» THE TASK: Here the job is to transcribe the data verbatim while leaving each picture out.

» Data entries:

※ ※ ※

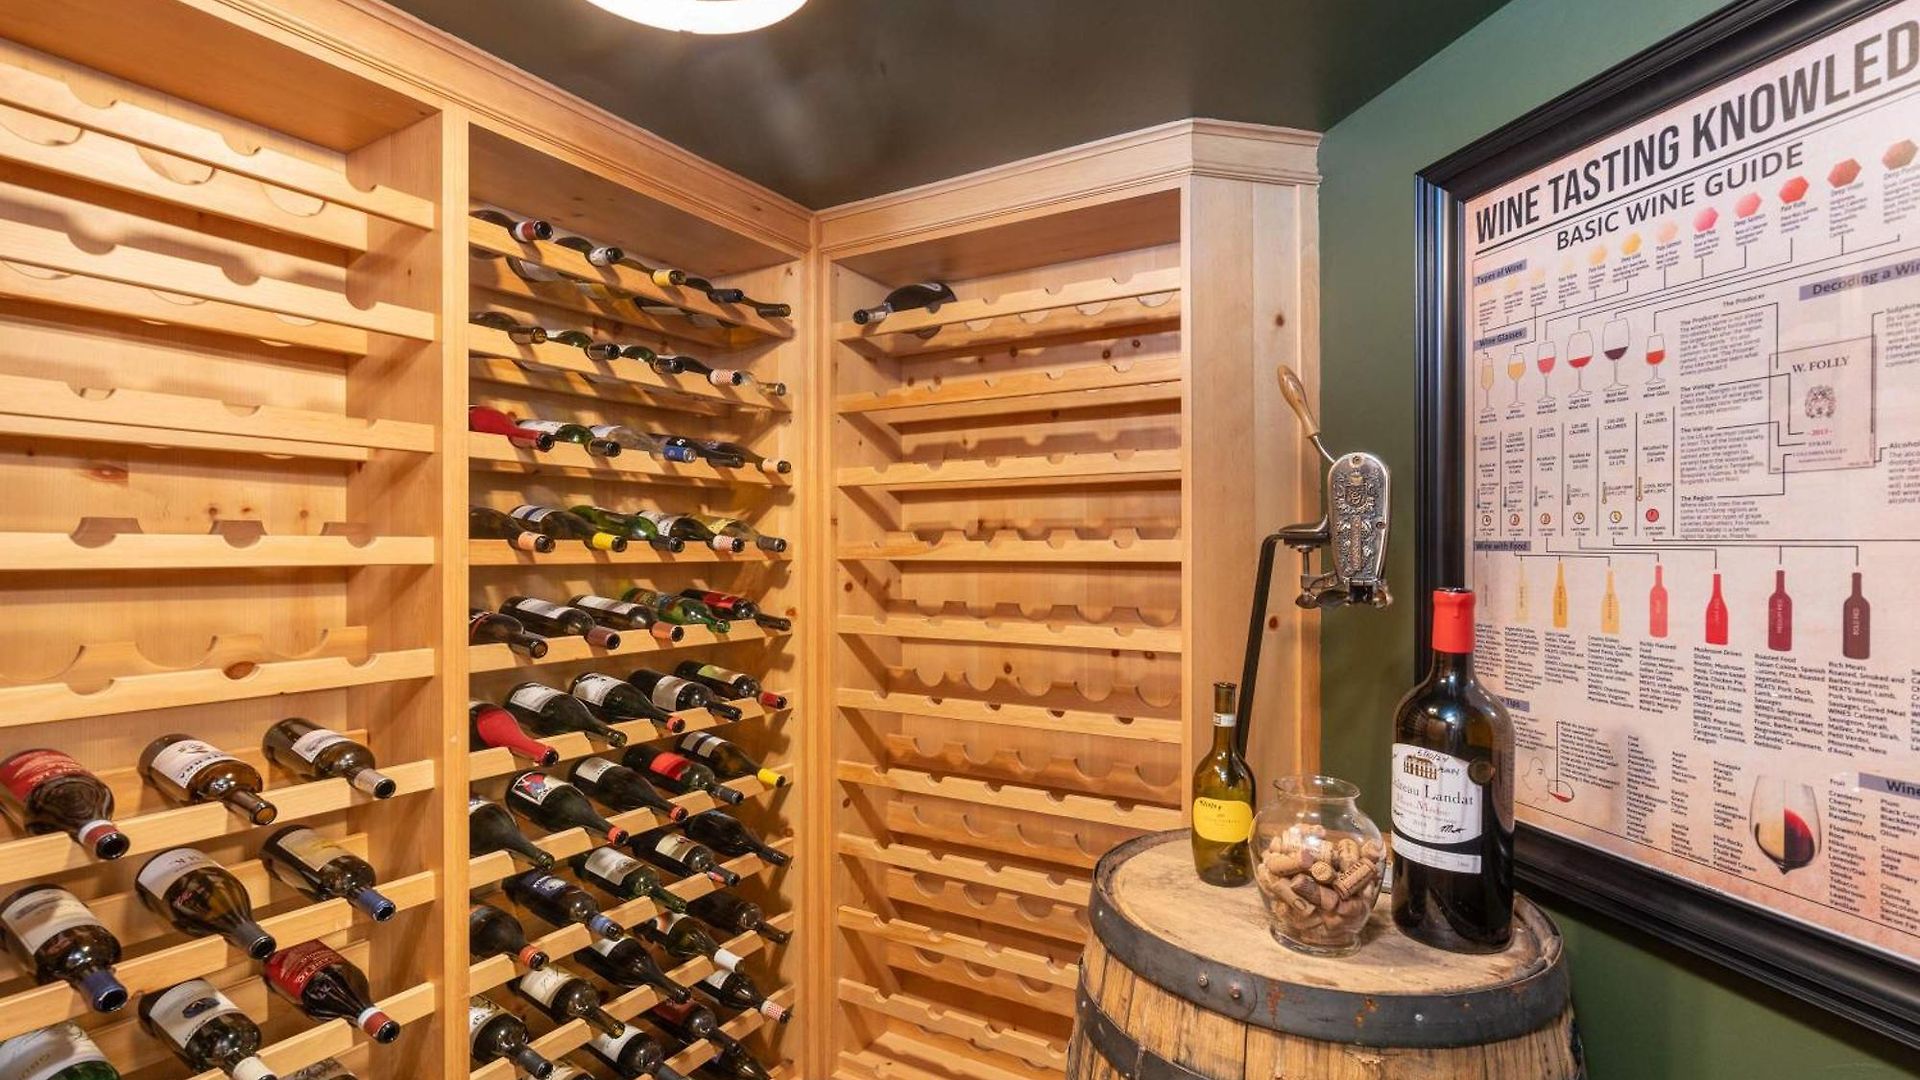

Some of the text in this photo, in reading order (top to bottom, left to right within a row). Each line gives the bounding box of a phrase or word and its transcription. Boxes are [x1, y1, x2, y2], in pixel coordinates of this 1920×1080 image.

[1476, 20, 1919, 244] WINE TASTING KNOWLED
[1557, 142, 1803, 250] BASIC WINE GUIDE
[1477, 263, 1523, 284] Types of Wine
[1813, 273, 1878, 295] Decoding
[1882, 270, 1891, 279] a
[1480, 330, 1523, 347] Wine Glasses
[1792, 356, 1850, 373] W. FOLLY
[1493, 542, 1509, 550] with
[1510, 542, 1528, 551] Food
[1829, 661, 1844, 669] Rich
[1860, 673, 1889, 683] Smoked
[1507, 699, 1521, 709] Tips
[1863, 705, 1886, 714] Cured
[1713, 780, 1721, 788] Fig
[1830, 779, 1846, 787] Fruit
[1425, 784, 1474, 805] Landat
[1829, 790, 1863, 803] Cranberry
[1829, 797, 1851, 809] Cherry
[1880, 798, 1900, 807] Plum
[1829, 804, 1866, 820] Strawberry
[1880, 806, 1900, 816] Black
[1829, 811, 1863, 826] Raspberry
[1829, 831, 1845, 840] Rose
[1830, 824, 1877, 842] Flower/Herb
[1880, 822, 1917, 837] Blueberry
[1880, 829, 1900, 839] Olive
[1829, 839, 1857, 852] Hibiscus
[1829, 846, 1866, 861] Eucalyptus
[1829, 853, 1860, 866] Lavender
[1880, 853, 1901, 864] Anise
[1880, 860, 1899, 871] Sage
[1830, 869, 1853, 881] Smoke
[1880, 868, 1919, 885] Rosemary
[1830, 876, 1859, 890] Tobacco
[1880, 883, 1902, 894] Clove
[1830, 884, 1867, 900] Mushroom
[1880, 891, 1911, 906] Nutmeg
[1880, 898, 1919, 915] Chocolate
[1880, 911, 1918, 932] Bacon Fat
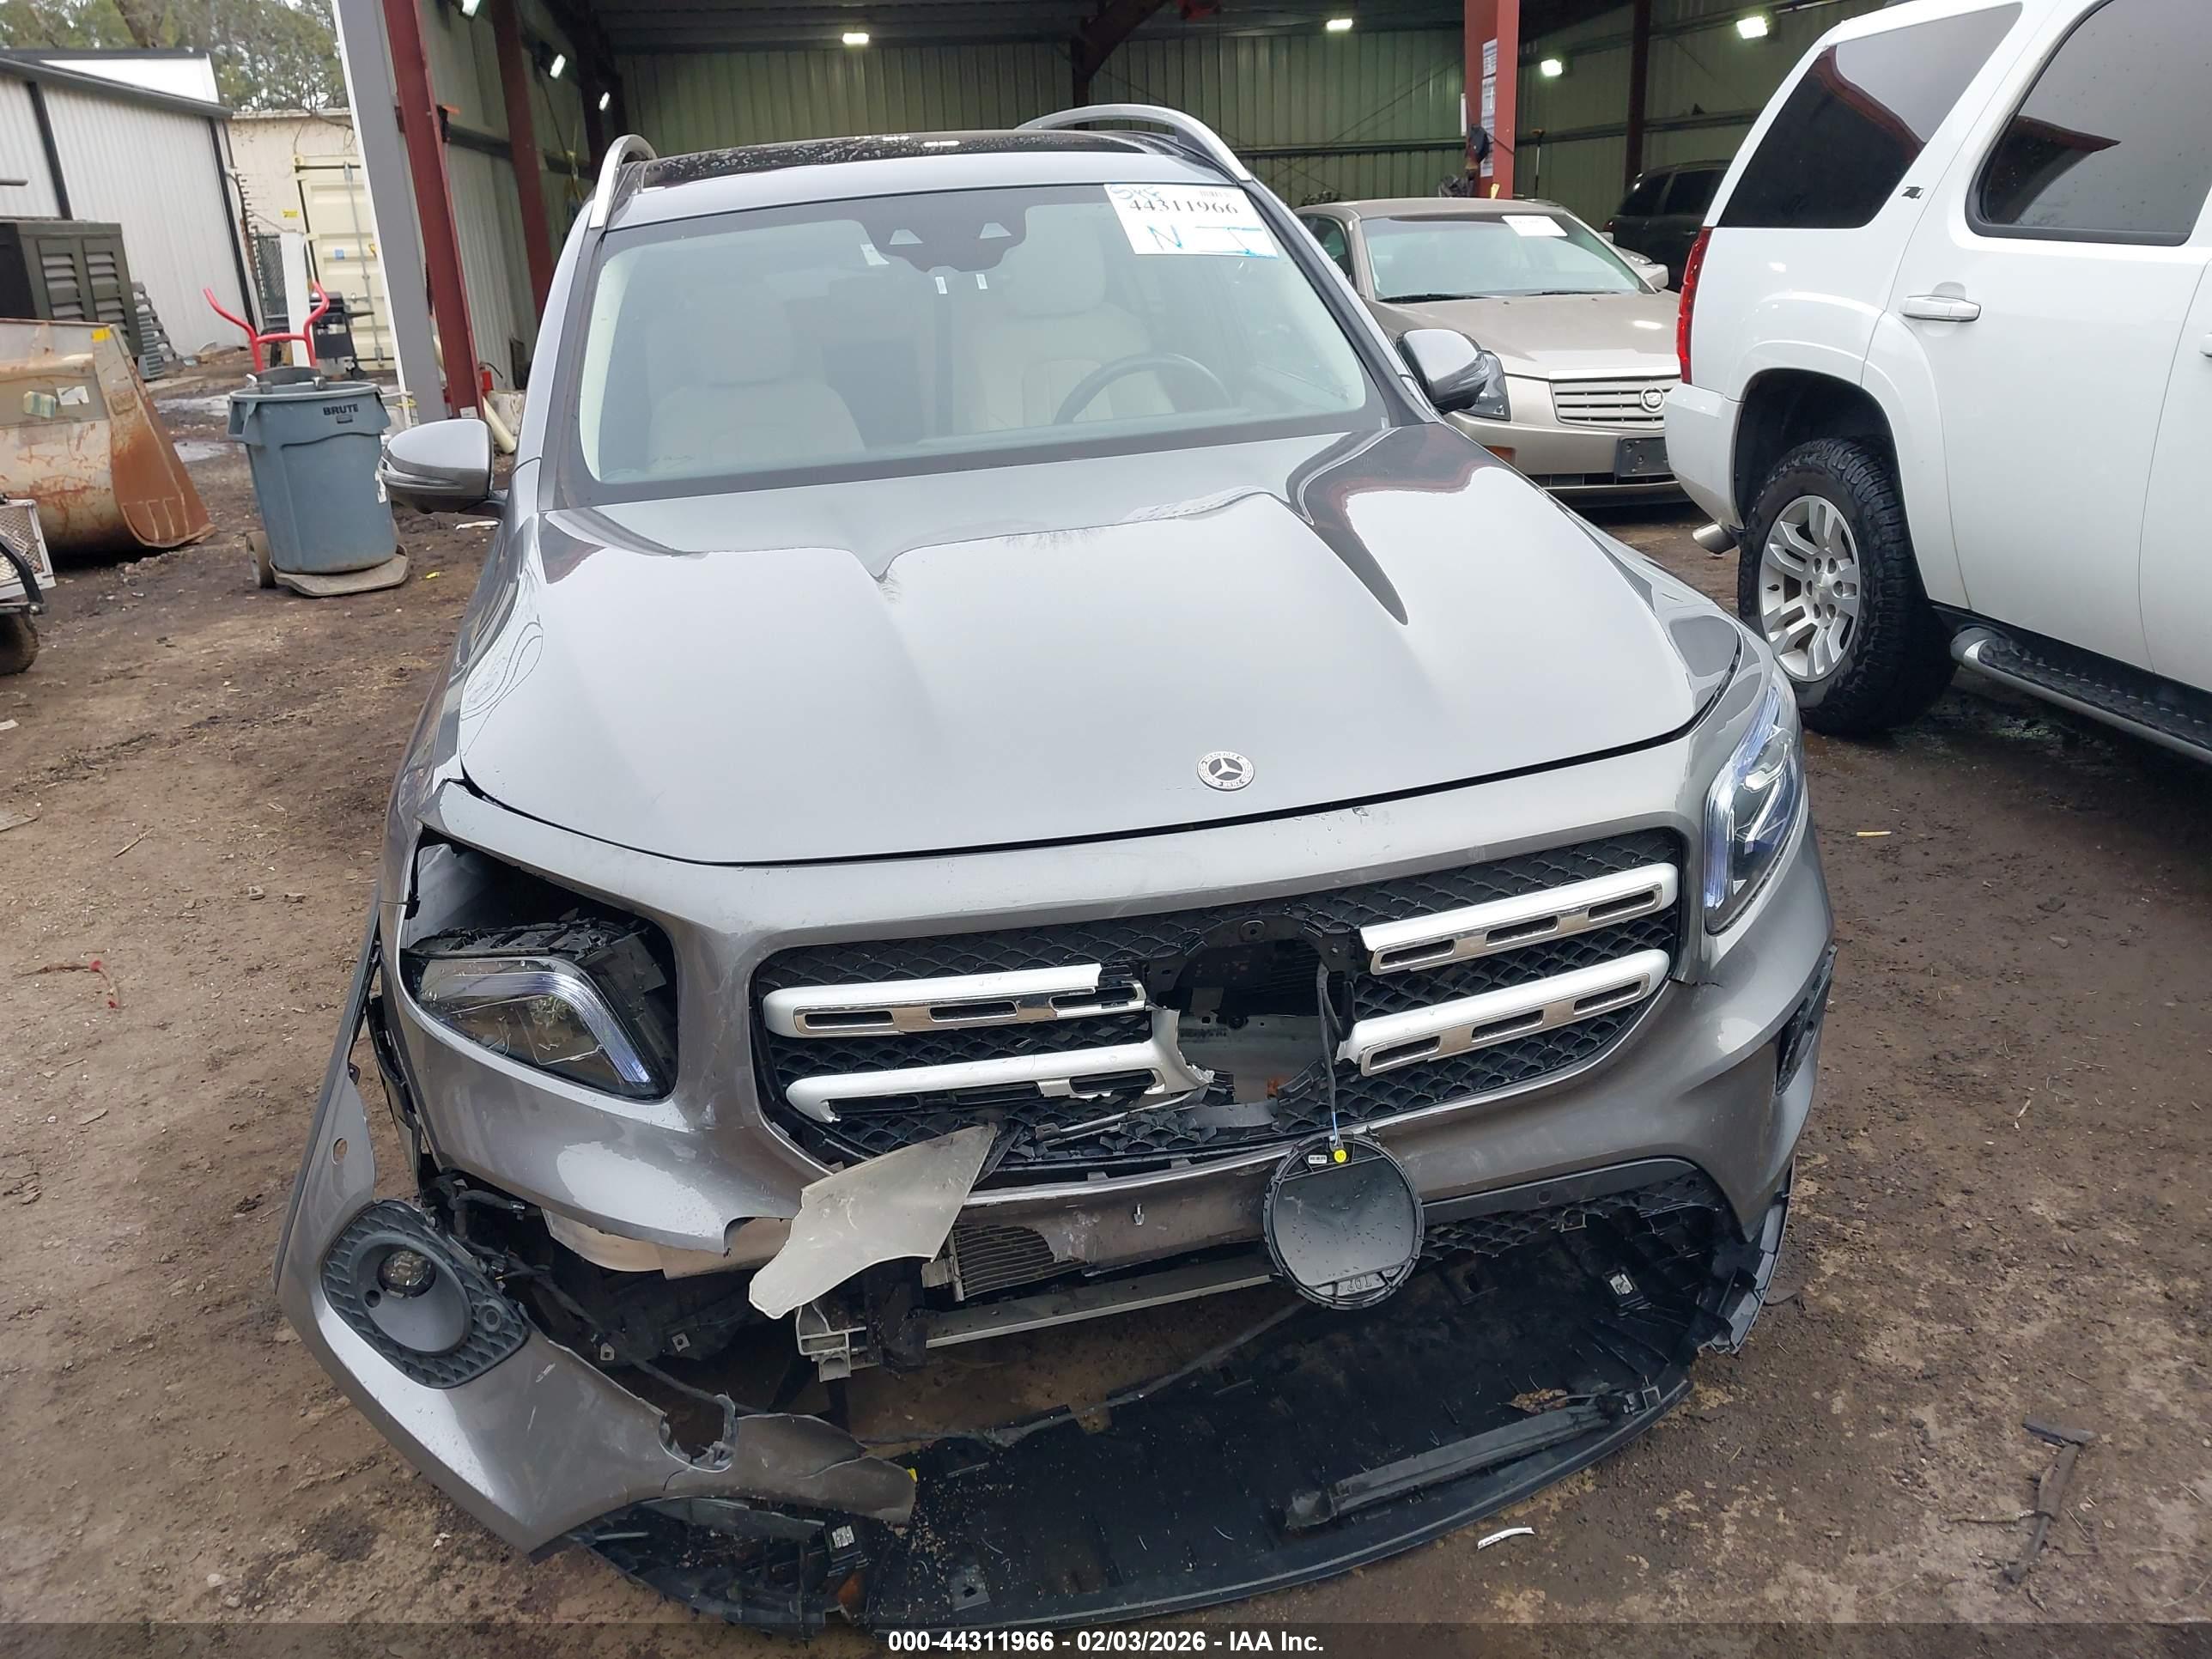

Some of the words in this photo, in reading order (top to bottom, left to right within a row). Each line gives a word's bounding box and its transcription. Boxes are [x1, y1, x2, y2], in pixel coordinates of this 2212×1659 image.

[1128, 199, 1239, 214] 44311966
[1146, 225, 1183, 251] N
[323, 404, 359, 416] BRUTE
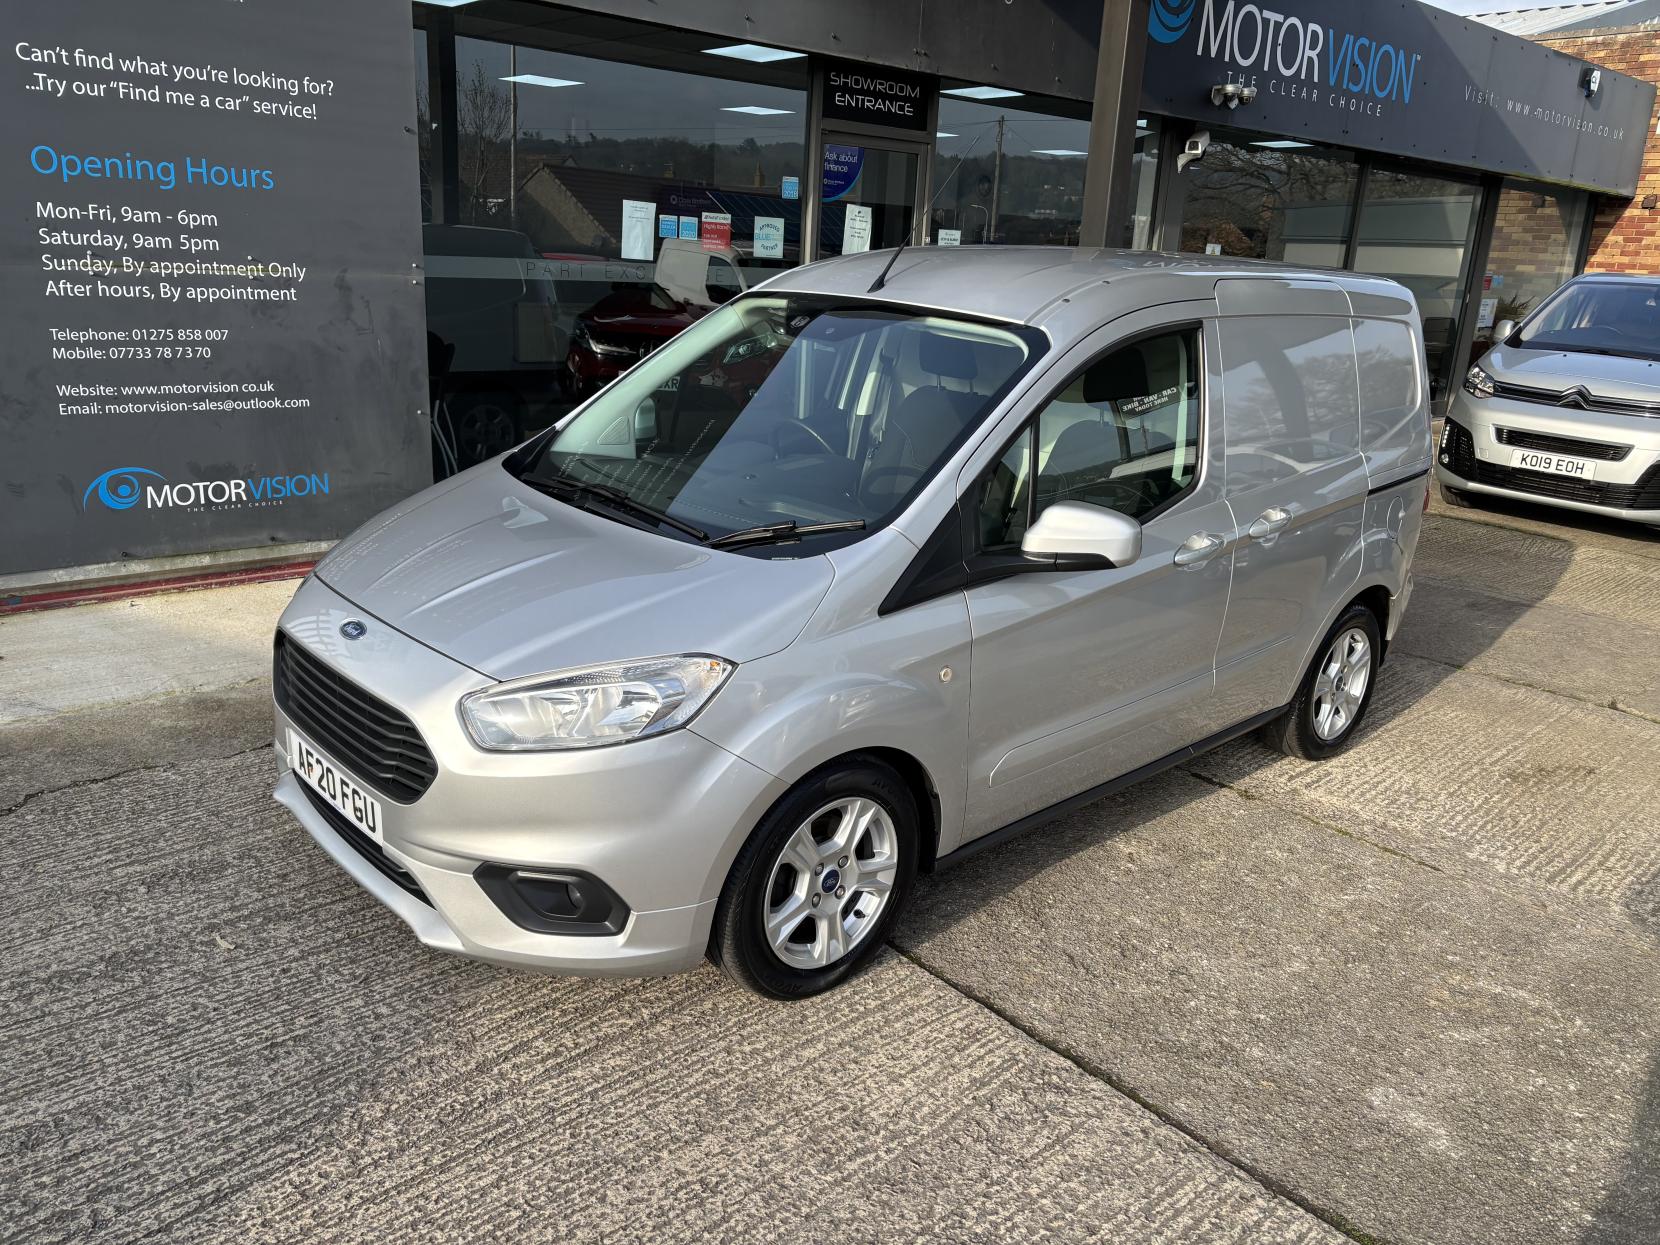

※ ※ ※

» EXERCISE RESULT:
Some of the text in this photo, in reading order (top to bottom, left to right within a row). Each line gives the bounding box of a phrase or word and its transcription. Boxes are [x1, y1, x2, y2], in pixel coordinates of this 1920×1080 image.

[1476, 20, 1919, 244] WINE TASTING KNOWLED
[1557, 142, 1803, 250] BASIC WINE GUIDE
[1477, 263, 1523, 284] Types of Wine
[1813, 273, 1878, 295] Decoding
[1882, 270, 1891, 279] a
[1480, 330, 1523, 347] Wine Glasses
[1792, 356, 1850, 373] W. FOLLY
[1493, 542, 1509, 550] with
[1510, 542, 1528, 551] Food
[1829, 661, 1844, 669] Rich
[1860, 673, 1889, 683] Smoked
[1507, 699, 1521, 709] Tips
[1863, 705, 1886, 714] Cured
[1713, 780, 1721, 788] Fig
[1830, 779, 1846, 787] Fruit
[1425, 784, 1474, 805] Landat
[1829, 790, 1863, 803] Cranberry
[1829, 797, 1851, 809] Cherry
[1880, 798, 1900, 807] Plum
[1829, 804, 1866, 820] Strawberry
[1880, 806, 1900, 816] Black
[1829, 811, 1863, 826] Raspberry
[1829, 831, 1845, 840] Rose
[1830, 824, 1877, 842] Flower/Herb
[1880, 822, 1917, 837] Blueberry
[1880, 829, 1900, 839] Olive
[1829, 839, 1857, 852] Hibiscus
[1829, 846, 1866, 861] Eucalyptus
[1829, 853, 1860, 866] Lavender
[1880, 853, 1901, 864] Anise
[1880, 860, 1899, 871] Sage
[1830, 869, 1853, 881] Smoke
[1880, 868, 1919, 885] Rosemary
[1830, 876, 1859, 890] Tobacco
[1880, 883, 1902, 894] Clove
[1830, 884, 1867, 900] Mushroom
[1880, 891, 1911, 906] Nutmeg
[1880, 898, 1919, 915] Chocolate
[1880, 911, 1918, 932] Bacon Fat

Some of the words in this photo, in reading order (top to bottom, left to right within a row). Each line gives a word's bounding box and its transcription. Boxes are [x1, y1, x2, y2], in pixel coordinates of this 2212×1659 image.

[1128, 199, 1239, 214] 44311966
[1146, 225, 1183, 251] N
[323, 404, 359, 416] BRUTE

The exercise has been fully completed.